Após quase 10 anos desde a democratização do Esporte Clube Bahia em 2013, com o mandato de transição de Fernando Schmidt, passando por Marcelo Sant’Ana e chegando ao atual presidente Guilherme Bellitani, você consegue criar uma reflexão sobre um balanço desse período até que possamos dizer que há um equilíbrio no Bahia?

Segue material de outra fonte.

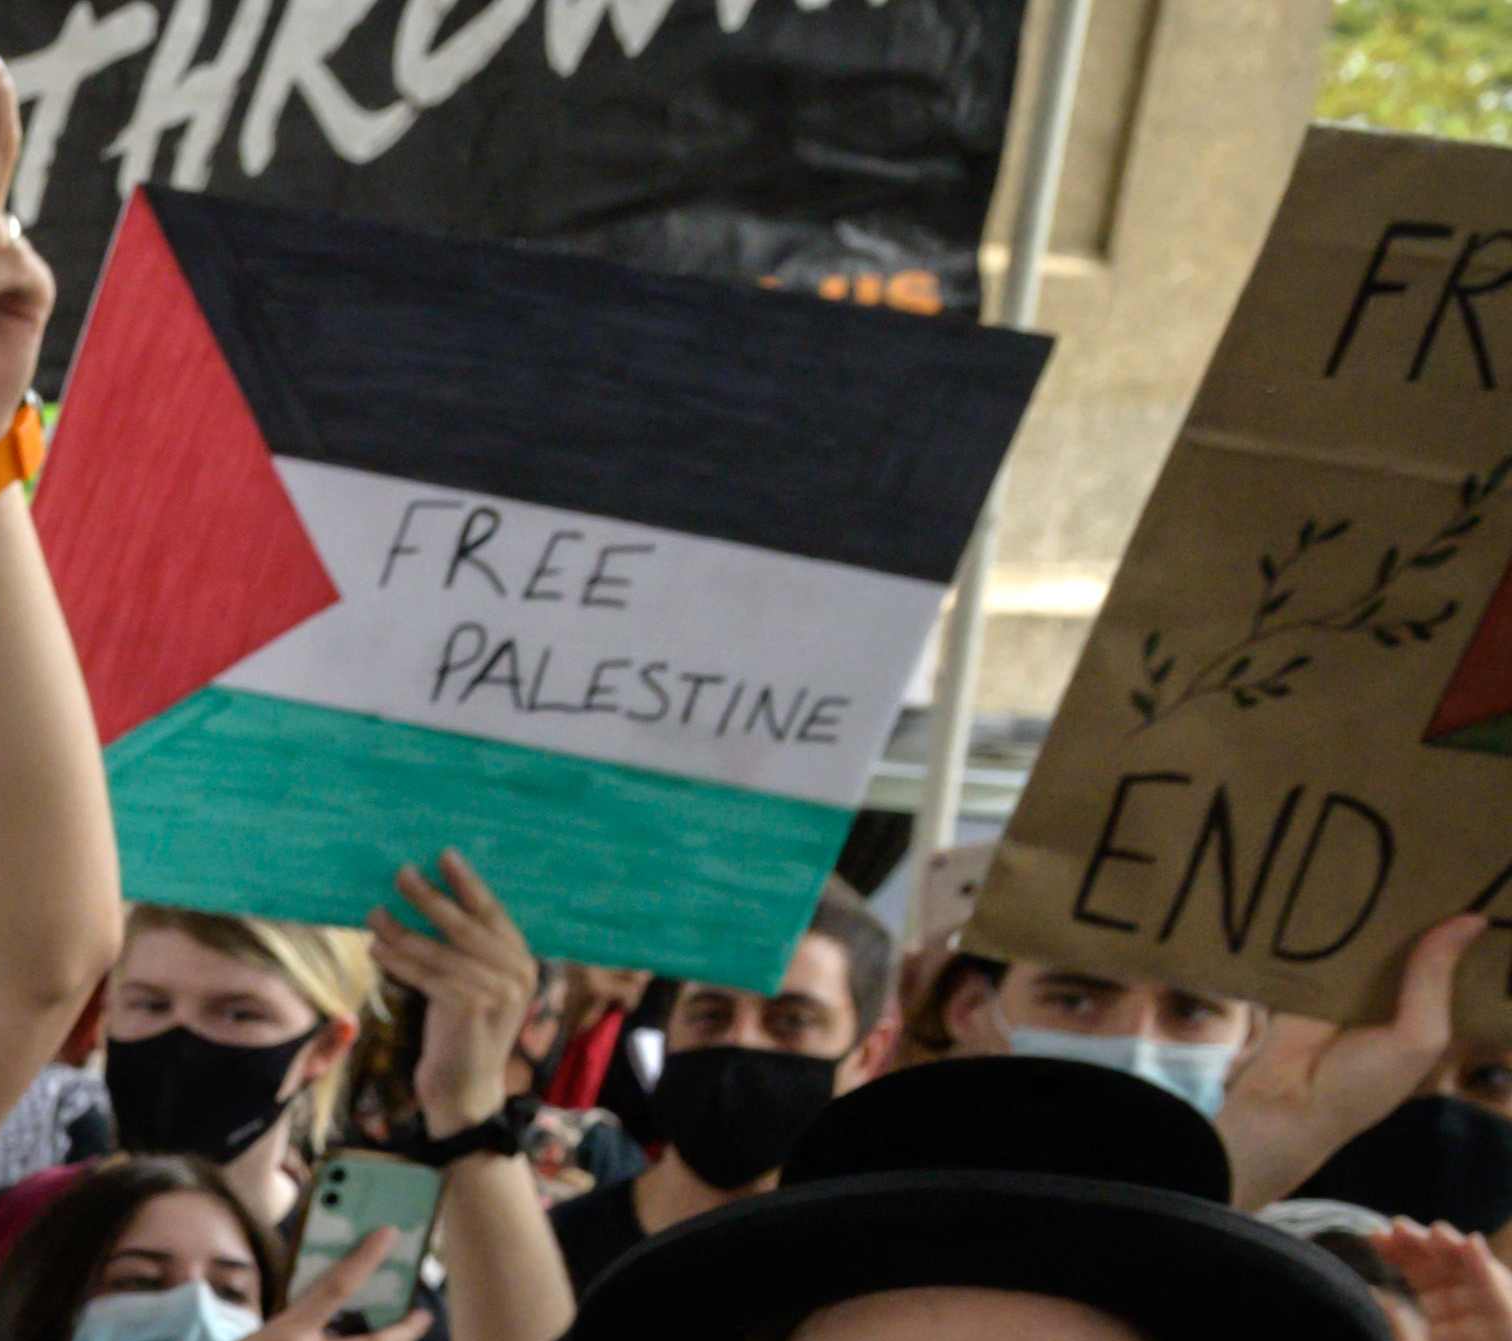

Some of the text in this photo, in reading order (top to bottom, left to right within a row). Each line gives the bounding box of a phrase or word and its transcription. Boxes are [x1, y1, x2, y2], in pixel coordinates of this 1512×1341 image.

[376, 496, 659, 613] FREE
[430, 622, 854, 748] PALESTINE
[1072, 771, 1397, 962] END
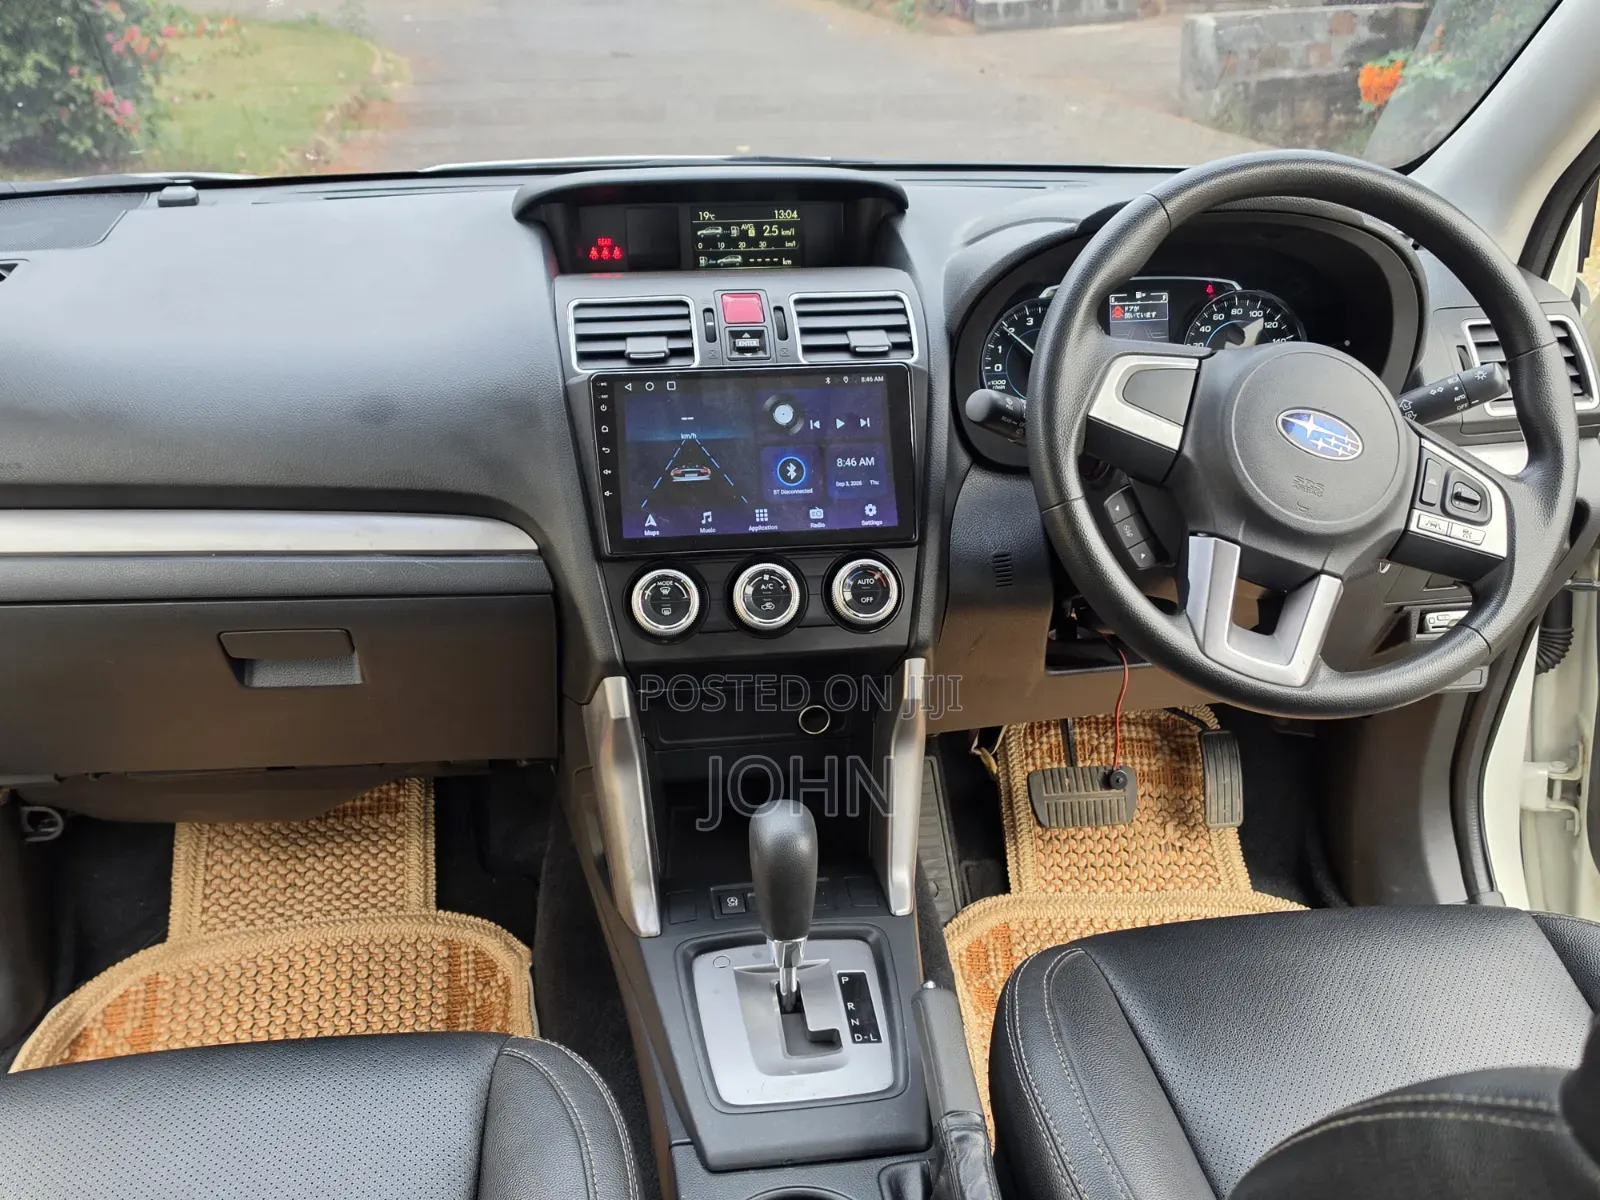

Eu acho que é muito cedo ainda porque é uma experiência muito recente. Desde 2013, você tem nove anos, mais ou menos. Não chegamos nem a 10 anos de história. Então, é muito cedo. Tinha um modelo no Bahia que vinha praticamente desde a fundação do time, que era o Bahia ser dominado por cardeais. Ele nunca teve uma democratização. Tinha uma história de Paulo Maracajá, que conto no livro, que ele dizia que o risco era o anão do Baby Beef ser o presidente. Era um porteiro que tinha no restaurante. Ele chegou a dizer isso. E era uma grande bobagem. Qualquer pessoa pode ser presidente. Ele pode ocupar o cargo durante um período e se não for bem, ele sai. Seja por mecanismos institucionais, como o impeachment, ou pelo fim do mandato dele. Mas de uma certa forma, ele contribui. O que você não pode ter são pessoas que se consideram iluminadas. Ter gente escolhida de Deus que está ali porque só aquela pessoa pode ser presidente. Não existe isso. Isso é uma grande bobagem. Então, o Bahia perdeu muito com esse modelo de ser dominado por cardeais, de ser dominado por um modelo no qual achavam que só os deles que resolviam. E eu acho que, a partir de 2013, com (Fernando) Schmidt, que faz um mandato de transição, uma espécie de tampão, você tem depois dois presidentes que são mais ou menos do mesmo grupo político, mas que não dão ainda uma ideia de alternância de poder. De você, realmente, viver a democracia. E não tem ainda muito tempo para que tenhamos experimentado isso. Acho que Bellitani acaba se elegendo porque tem uma força, tem um nome. Ele vem como ex-secretário da prefeitura, da gestão de ACM Neto. Acaba ganhando essa ideia de que é um nome preparado para modernizar o Bahia. Não vai dar tempo, talvez, de saber se a gente conseguiria chegar realmente nessa alternância de poder e nessa coisa da democracia, com gente enxergando de um jeito e outro enxergando de outro. Porque a SAF limita muito o poder da instituição Esporte Clube Bahia. O Clube passa a ter 10% do controle. Vai ter eleição e aí você tem esse presidente ocupando uma cadeira em um conselho de seis pessoas da SAF. Assim, o peso do presidente acaba sendo muito menor. O Bahia vai ter que se reinventar. Porque o futebol passa a ser controlado pela SAF, pelo City Group.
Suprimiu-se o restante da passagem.